February 21, 2019
5 Reasons to Say Yes to Being Seen by a Medical Student

5 Reasons to Say Yes to Being Seen by a Medical Student

by Keng Lam, MD  

While working in the hospital and clinic during medical school, I would often hear patients declining to be cared for by medical students (who see patients, along with the attending and resident physicians, as part of their training). The reason, I suspect, was that the patients were afraid that they would get suboptimal care. It’s true that medical students are not doctors yet. But as I approach my own graduation from medical school, I’ve realized why I would never turn down an opportunity to be cared for by a medical student—and you shouldn’t either. Here are my top five reasons.

1. You will get more time.

Students are more willing to stay in the room for longer and talk more with the patient because they have fewer patients to see. In fact, as a medical student, I often spend about twice as much time with the patients I see than my attending physicians do. So as a patient, you have less chance of feeling rushed and more time to ask all the questions you have.

2. You might be listened to more carefully.
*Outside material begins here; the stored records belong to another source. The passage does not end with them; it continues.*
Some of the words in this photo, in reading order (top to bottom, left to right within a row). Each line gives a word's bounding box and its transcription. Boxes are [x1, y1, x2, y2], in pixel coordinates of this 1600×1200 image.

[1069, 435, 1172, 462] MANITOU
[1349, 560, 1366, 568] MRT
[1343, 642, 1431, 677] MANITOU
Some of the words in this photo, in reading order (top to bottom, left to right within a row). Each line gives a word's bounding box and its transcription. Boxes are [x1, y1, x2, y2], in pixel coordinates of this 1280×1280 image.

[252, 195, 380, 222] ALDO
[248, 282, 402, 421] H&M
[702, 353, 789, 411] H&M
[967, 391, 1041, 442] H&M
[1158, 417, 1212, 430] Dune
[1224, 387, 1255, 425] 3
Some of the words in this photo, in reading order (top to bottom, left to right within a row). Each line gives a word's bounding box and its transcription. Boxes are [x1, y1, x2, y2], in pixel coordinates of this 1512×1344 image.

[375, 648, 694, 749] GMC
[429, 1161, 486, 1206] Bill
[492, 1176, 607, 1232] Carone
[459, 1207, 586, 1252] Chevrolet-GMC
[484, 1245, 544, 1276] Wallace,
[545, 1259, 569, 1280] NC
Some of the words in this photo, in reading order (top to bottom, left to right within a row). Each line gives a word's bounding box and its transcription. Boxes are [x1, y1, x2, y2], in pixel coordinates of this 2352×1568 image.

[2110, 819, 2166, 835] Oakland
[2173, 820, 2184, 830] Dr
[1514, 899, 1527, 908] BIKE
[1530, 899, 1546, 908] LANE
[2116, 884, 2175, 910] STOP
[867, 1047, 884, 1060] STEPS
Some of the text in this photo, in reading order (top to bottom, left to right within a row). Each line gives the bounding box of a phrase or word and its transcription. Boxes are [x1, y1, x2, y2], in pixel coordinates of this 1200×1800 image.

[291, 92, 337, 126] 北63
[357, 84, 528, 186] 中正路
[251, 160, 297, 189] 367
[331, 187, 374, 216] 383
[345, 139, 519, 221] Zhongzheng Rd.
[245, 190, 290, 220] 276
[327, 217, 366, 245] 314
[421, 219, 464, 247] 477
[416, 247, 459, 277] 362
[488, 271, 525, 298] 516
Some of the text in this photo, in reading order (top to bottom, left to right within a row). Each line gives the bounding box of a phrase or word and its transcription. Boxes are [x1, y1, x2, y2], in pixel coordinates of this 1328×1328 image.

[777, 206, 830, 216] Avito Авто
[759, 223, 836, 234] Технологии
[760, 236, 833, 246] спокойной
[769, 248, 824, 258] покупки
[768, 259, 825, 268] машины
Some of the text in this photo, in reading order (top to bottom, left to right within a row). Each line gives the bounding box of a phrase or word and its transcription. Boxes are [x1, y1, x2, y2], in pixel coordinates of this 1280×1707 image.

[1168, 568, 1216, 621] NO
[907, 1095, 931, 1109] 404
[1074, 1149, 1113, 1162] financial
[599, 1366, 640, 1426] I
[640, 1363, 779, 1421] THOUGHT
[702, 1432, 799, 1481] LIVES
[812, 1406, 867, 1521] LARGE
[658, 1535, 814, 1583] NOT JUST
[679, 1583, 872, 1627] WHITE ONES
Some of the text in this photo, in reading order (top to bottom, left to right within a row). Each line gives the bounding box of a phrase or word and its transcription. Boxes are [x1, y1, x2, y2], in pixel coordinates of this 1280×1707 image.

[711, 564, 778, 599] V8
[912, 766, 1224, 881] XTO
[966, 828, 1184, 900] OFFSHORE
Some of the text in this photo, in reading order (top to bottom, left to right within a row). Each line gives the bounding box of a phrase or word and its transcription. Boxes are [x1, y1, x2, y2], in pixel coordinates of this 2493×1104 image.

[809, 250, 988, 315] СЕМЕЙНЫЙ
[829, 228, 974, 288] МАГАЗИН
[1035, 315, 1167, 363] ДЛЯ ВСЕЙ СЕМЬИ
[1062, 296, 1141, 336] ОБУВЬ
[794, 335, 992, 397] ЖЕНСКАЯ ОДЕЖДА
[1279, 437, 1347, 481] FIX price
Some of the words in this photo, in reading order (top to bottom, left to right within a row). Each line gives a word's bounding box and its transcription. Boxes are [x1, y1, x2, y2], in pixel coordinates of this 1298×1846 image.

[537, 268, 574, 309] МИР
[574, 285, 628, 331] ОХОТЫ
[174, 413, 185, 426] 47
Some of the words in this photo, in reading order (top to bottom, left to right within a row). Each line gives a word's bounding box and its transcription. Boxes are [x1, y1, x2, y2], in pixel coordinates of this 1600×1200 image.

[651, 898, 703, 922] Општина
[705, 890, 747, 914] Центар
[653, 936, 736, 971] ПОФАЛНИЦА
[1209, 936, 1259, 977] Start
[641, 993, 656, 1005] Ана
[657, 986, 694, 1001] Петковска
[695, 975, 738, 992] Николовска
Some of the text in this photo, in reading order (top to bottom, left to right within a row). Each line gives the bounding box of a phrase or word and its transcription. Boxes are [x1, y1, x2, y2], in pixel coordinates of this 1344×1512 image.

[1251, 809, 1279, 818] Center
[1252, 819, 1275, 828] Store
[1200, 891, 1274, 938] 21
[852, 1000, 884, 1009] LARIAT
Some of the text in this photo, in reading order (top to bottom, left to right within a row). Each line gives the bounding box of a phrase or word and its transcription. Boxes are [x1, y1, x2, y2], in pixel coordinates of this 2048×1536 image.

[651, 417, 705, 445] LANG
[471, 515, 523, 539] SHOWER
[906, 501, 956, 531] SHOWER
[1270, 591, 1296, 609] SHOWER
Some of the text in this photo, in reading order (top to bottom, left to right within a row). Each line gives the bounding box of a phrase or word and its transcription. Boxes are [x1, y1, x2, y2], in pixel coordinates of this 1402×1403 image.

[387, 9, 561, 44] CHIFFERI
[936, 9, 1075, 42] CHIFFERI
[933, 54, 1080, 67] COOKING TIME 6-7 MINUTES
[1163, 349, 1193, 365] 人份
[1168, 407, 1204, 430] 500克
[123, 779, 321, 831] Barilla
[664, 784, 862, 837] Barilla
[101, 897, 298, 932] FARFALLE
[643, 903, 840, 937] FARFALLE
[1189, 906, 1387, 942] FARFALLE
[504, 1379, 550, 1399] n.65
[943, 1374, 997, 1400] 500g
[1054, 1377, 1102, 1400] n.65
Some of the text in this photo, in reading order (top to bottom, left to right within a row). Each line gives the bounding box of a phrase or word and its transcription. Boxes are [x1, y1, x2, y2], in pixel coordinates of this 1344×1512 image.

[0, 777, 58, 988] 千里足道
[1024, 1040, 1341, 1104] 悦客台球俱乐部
Medical students are trained to take a very detailed history. Rest assured that most of us will ask a lot of questions about your illness—so there’s little chance that you’ll feel like we are missing something. And if we do forget to ask something important, our attending physicians will likely catch it and be sure to ask the question when they see you.

3. You will have an extra pair of eyes on you.

Medical students never practice medicine by themselves, as they are not licensed yet. They usually have a resident or attending physician supervising them. As a result, no matter what problem you may present with, you have an extra person on the team working to catch and fix it.

4. Your care will be up-to-date.

As medical students, we are taught to always look at the medical literature to determine what treatment to suggest to the medical team. That includes digging up the latest research articles to ensure we’re up to date in what we’re proposing. So you’ll truly be getting evidence-based medicine.

5. You'll be helping to train the next generation of doctors.

You, the patients, are our teachers. In fact, when we graduate from medical school, it’s less the details of our medical textbooks that we’ll remember than the stories and journeys of the patients we treated. Without even trying, you are providing memorable experiences that will inform our work as doctors—and thereby contributing to our education more than you may realize.